ZG-KAYIP MI? ♥

218 40 35
                                    

MEDİA: AMY

AMY

Charlie bana şaşkınca bakmaya başladı. Daha doğrusu bunları söyleyecek özgüveni nerden buldun gibi. Gülerek ona yaklaşmaya başladım. Salak hala bir şey anlamamıştı. Çok kötü bir durum, çok.

-Görüşmeyeli nasılsın, SÜRTÜK? Dedim. Bu sefer gülen oydu. Bazen şaşırıyorum. Bu kadar cesareti nereden bulabiliyor diye.

 -Vay vay vay... Bakın küçük sürtüğümüze. Bana kafada tutabiliyormuş. Bu harika.

Charlie’nin durumuna üzülüyorum. Bazen “Acaba bu salak mı?” diye kendi kendime sorarken şimdiki cevabım kesin salak. Tescilli orospu olduğu yetmiyormuş gibi tescilli kıt beyin olduğu kanaatine de ulaşmış olduk.

-Dur bakalım orada Charlie! Kafa tutmayı şimdi göreceksin, diye onun duyabileceği bir tonda sertçe fısıldadım.

Hızlıca onu ittim.
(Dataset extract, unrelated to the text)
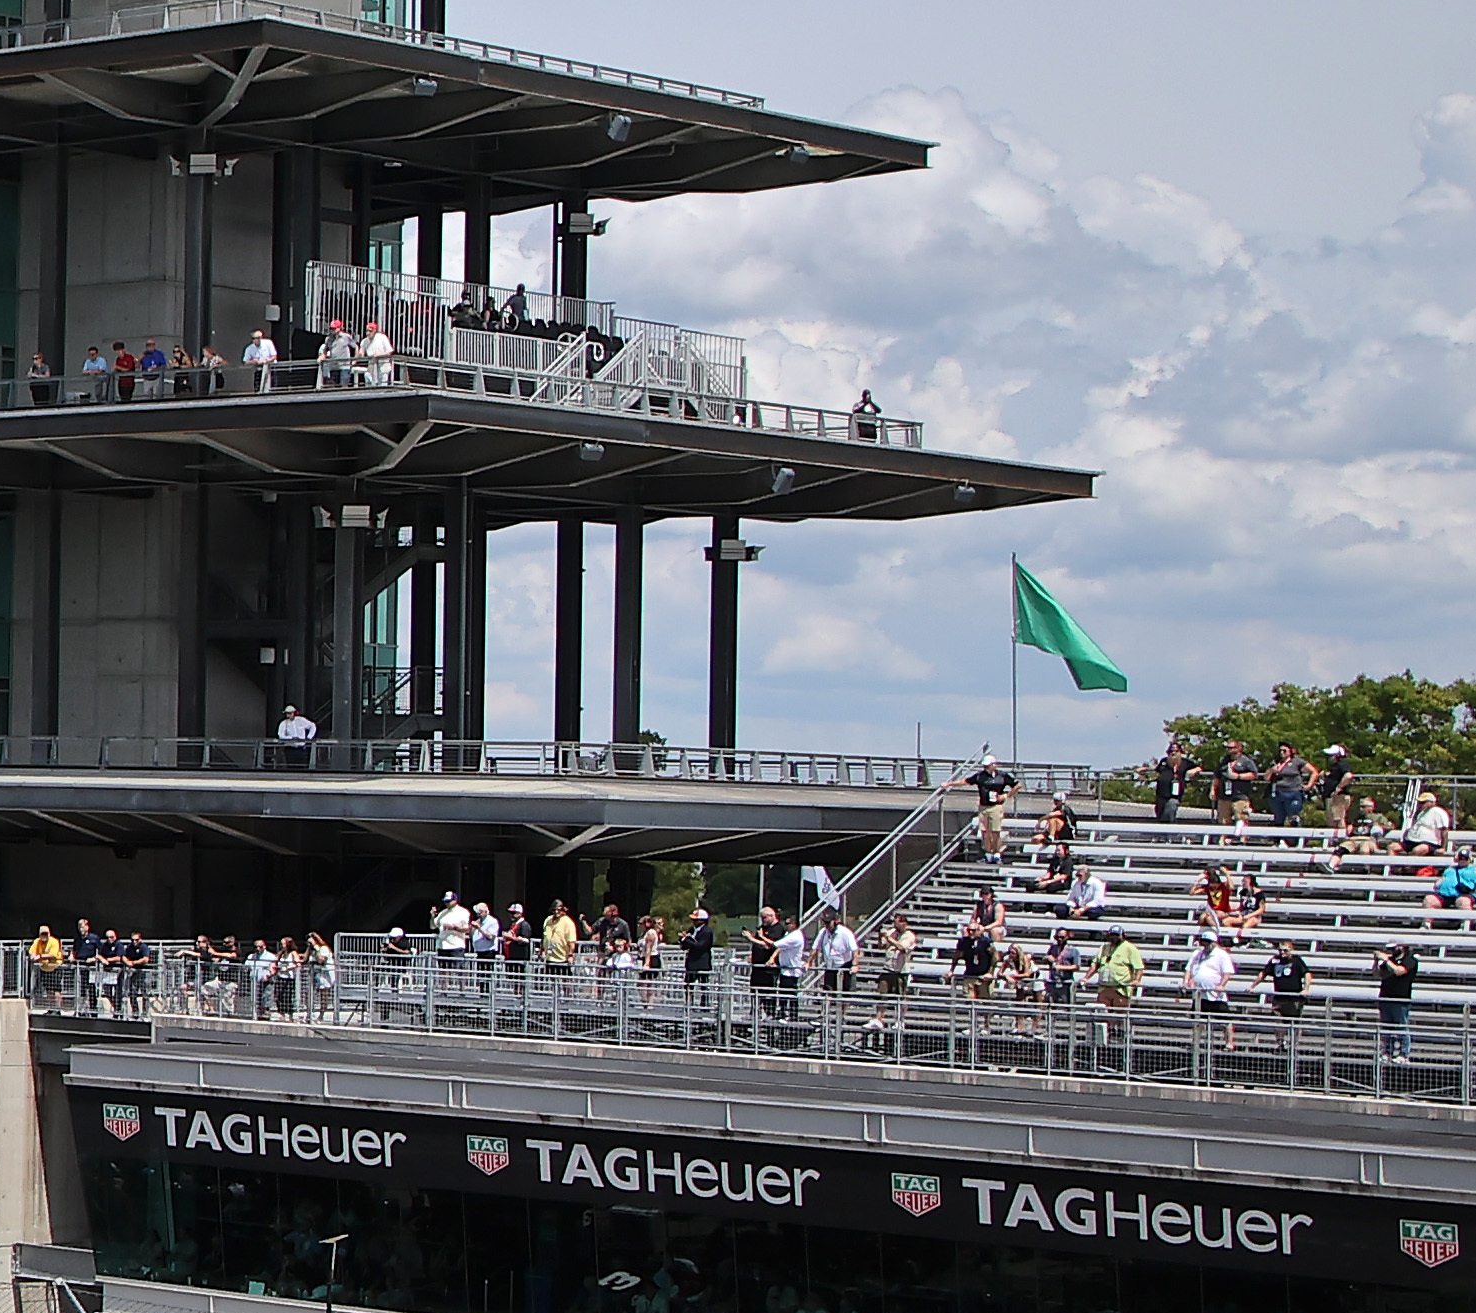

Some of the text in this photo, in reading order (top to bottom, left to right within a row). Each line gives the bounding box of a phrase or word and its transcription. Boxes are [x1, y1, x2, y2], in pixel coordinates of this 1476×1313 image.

Tabi beklemediği bir şey olduğu için dolaba yapıştı ve büyük bir gürültü koptu. Bizi izleyenlerin dışında tüm okul bize döndü. Charlie siniri adımlarla yanıma geliyordu. Elini kaldırıp tam bana tokat atacaktı ki hızlı bir şekilde geri kaçıp elini tuttum. Ben de ondan öyle bir hareket beklemiyordum ki elimi döndürdü ve tam kolumu kıracak hamleyi yapacakken diğer elimi devreye soktum. Diğer elini de aldım ve ikisini de büküp arkaya doğru döndürdüm. Şaşkınca bana baktı. Bende hafifçe gülerek elini sırtına gelecek şekilde daha çok büktüm ve saçını çektim. Yere oturmuş- pardon dizlerinin önüne çökmüş bir vaziyetteydi. Tüm okul bana bakıyordu. Aralarında 'Ne yapıyor bu? Charlie'ye karşı çıktı, onu dövecek' gibi fısıldamalar duyuyordum ama takmadım. O bana bir şey yapamaz. Ayrıca, o mu beni dövecek? Ahaha, hiç sanmıyorum.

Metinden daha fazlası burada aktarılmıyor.